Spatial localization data
>>>>

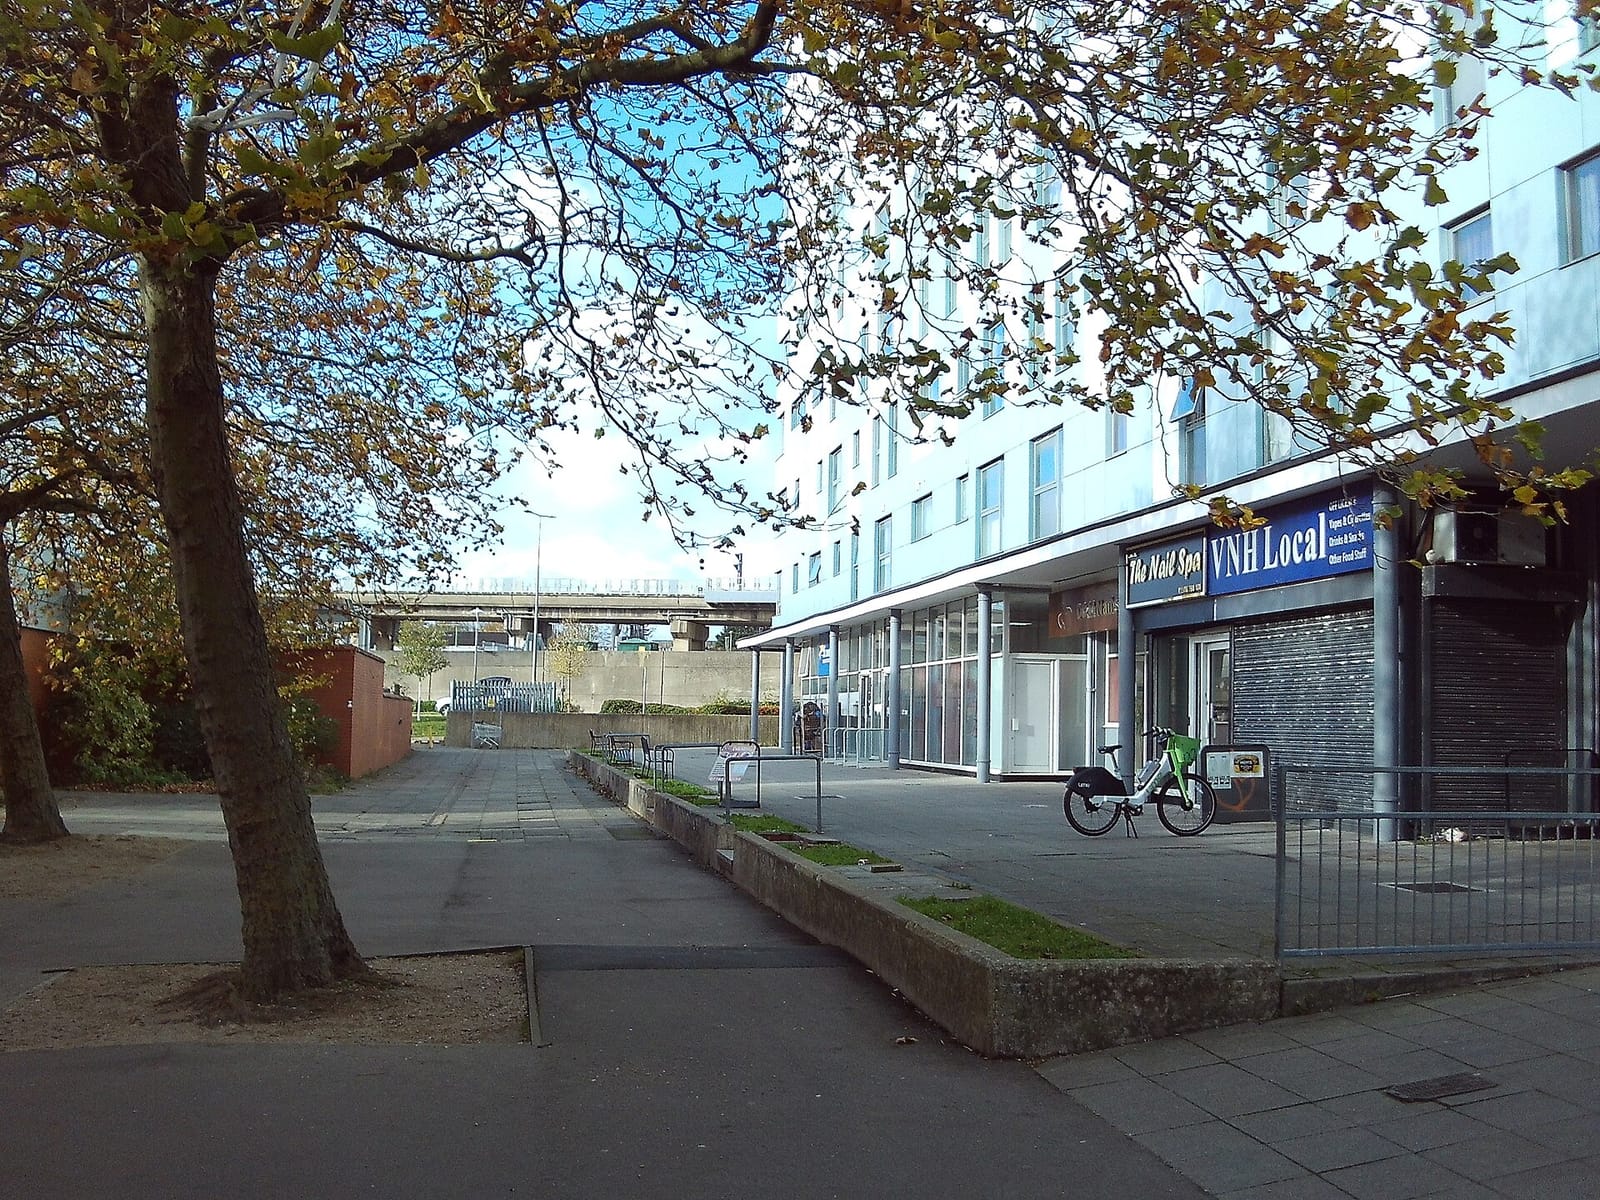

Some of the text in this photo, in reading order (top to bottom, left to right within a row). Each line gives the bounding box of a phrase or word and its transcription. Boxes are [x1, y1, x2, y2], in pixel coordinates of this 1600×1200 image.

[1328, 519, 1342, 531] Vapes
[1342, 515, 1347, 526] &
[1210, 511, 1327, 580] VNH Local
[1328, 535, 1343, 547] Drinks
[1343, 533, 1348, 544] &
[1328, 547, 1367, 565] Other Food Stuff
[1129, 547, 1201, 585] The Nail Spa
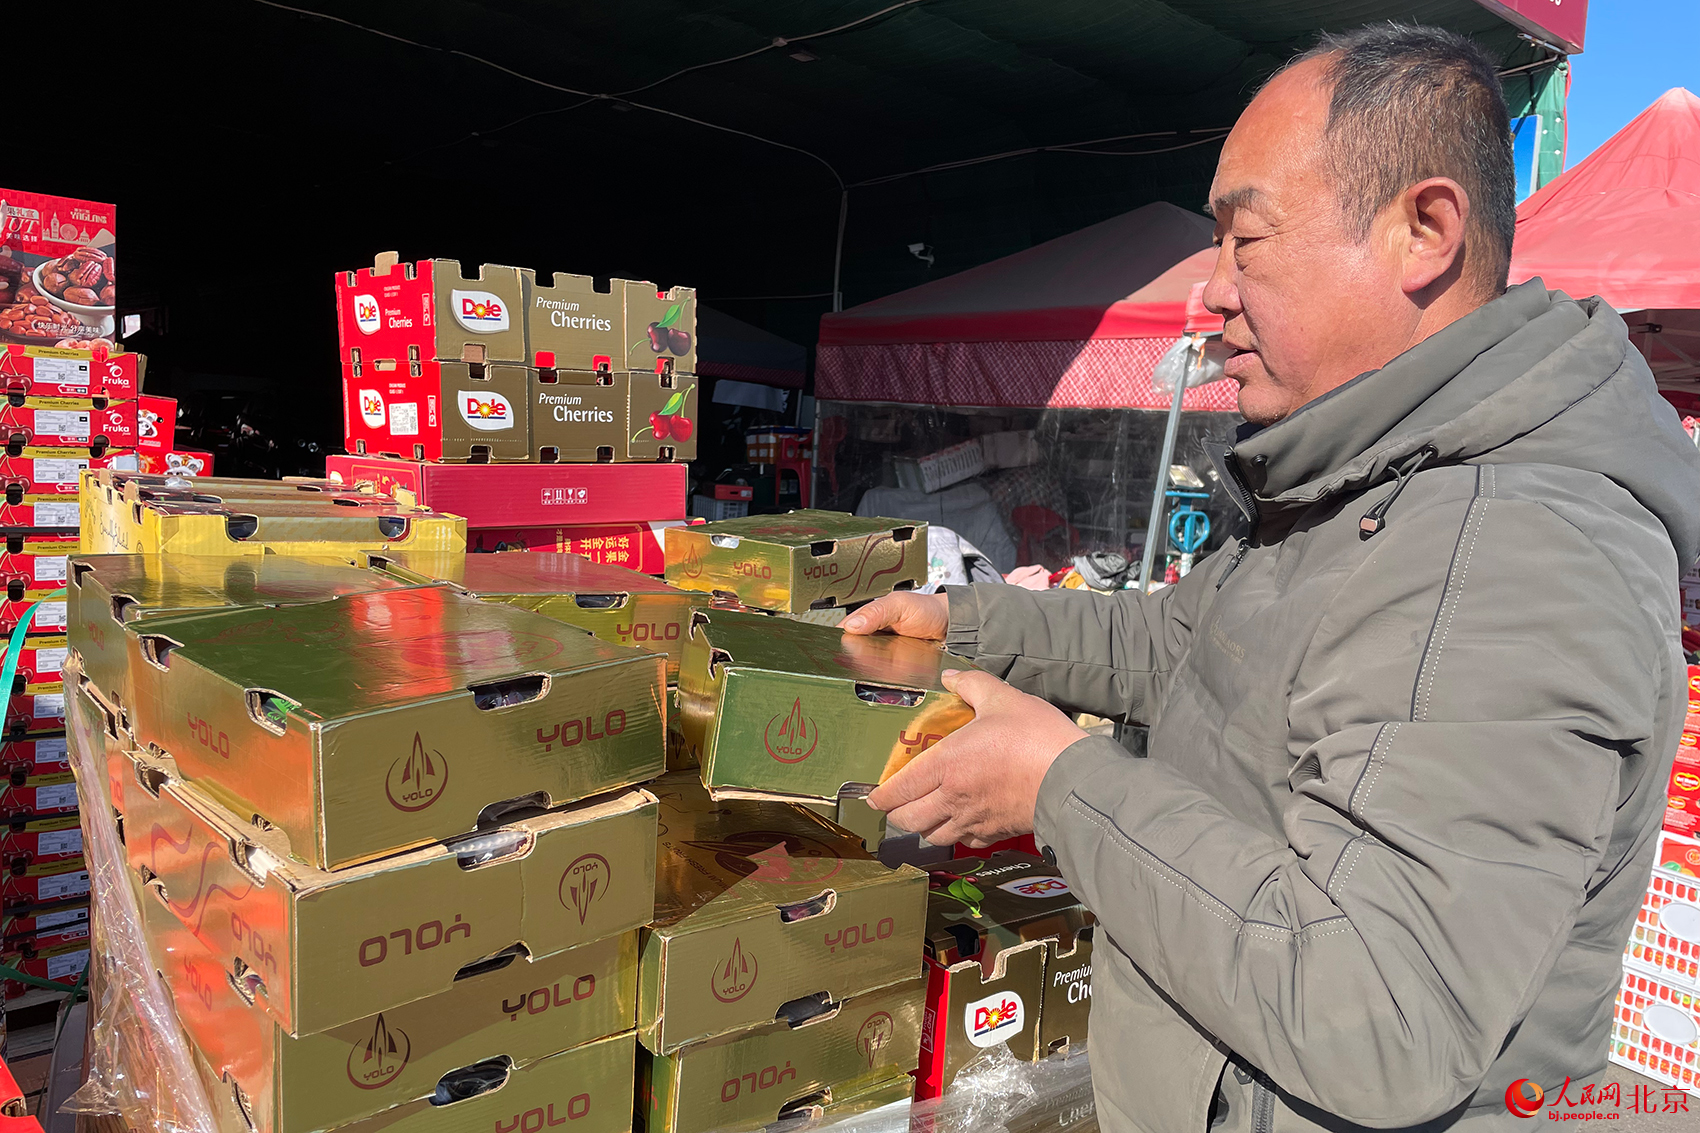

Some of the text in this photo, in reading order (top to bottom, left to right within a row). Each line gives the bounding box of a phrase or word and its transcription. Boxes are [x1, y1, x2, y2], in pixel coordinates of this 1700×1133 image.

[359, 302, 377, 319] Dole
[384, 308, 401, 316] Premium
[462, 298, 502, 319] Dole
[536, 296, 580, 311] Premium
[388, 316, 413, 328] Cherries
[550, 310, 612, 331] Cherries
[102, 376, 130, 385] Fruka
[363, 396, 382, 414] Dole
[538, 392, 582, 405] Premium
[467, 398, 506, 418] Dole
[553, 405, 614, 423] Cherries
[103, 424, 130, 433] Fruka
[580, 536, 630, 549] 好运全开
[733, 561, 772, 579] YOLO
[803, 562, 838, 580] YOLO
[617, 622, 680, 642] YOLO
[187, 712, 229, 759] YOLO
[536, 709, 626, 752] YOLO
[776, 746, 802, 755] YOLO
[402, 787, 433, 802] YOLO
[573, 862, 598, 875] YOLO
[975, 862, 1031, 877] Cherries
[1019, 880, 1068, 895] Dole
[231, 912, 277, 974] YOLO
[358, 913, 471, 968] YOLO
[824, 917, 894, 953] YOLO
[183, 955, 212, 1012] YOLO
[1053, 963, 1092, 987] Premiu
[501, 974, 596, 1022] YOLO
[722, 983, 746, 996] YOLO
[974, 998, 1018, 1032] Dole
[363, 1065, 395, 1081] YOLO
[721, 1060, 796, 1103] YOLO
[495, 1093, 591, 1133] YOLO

<<<<

__Directions for this task__:
From the first line above to the last, copy the records exactly but omit the pictures.

__Result of the exercise__:
Some of the text in this photo, in reading order (top to bottom, left to right within a row). Each line gives the bounding box of a phrase or word and its transcription. Boxes are [x1, y1, x2, y2], in pixel coordinates of this 1600×1200 image.

[1328, 519, 1342, 531] Vapes
[1342, 515, 1347, 526] &
[1210, 511, 1327, 580] VNH Local
[1328, 535, 1343, 547] Drinks
[1343, 533, 1348, 544] &
[1328, 547, 1367, 565] Other Food Stuff
[1129, 547, 1201, 585] The Nail Spa

Some of the text in this photo, in reading order (top to bottom, left to right within a row). Each line gives the bounding box of a phrase or word and its transcription. Boxes are [x1, y1, x2, y2], in pixel coordinates of this 1700×1133 image.

[359, 302, 377, 319] Dole
[384, 308, 401, 316] Premium
[462, 298, 502, 319] Dole
[536, 296, 580, 311] Premium
[388, 316, 413, 328] Cherries
[550, 310, 612, 331] Cherries
[102, 376, 130, 385] Fruka
[363, 396, 382, 414] Dole
[538, 392, 582, 405] Premium
[467, 398, 506, 418] Dole
[553, 405, 614, 423] Cherries
[103, 424, 130, 433] Fruka
[580, 536, 630, 549] 好运全开
[733, 561, 772, 579] YOLO
[803, 562, 838, 580] YOLO
[617, 622, 680, 642] YOLO
[187, 712, 229, 759] YOLO
[536, 709, 626, 752] YOLO
[776, 746, 802, 755] YOLO
[402, 787, 433, 802] YOLO
[573, 862, 598, 875] YOLO
[975, 862, 1031, 877] Cherries
[1019, 880, 1068, 895] Dole
[231, 912, 277, 974] YOLO
[358, 913, 471, 968] YOLO
[824, 917, 894, 953] YOLO
[183, 955, 212, 1012] YOLO
[1053, 963, 1092, 987] Premiu
[501, 974, 596, 1022] YOLO
[722, 983, 746, 996] YOLO
[974, 998, 1018, 1032] Dole
[363, 1065, 395, 1081] YOLO
[721, 1060, 796, 1103] YOLO
[495, 1093, 591, 1133] YOLO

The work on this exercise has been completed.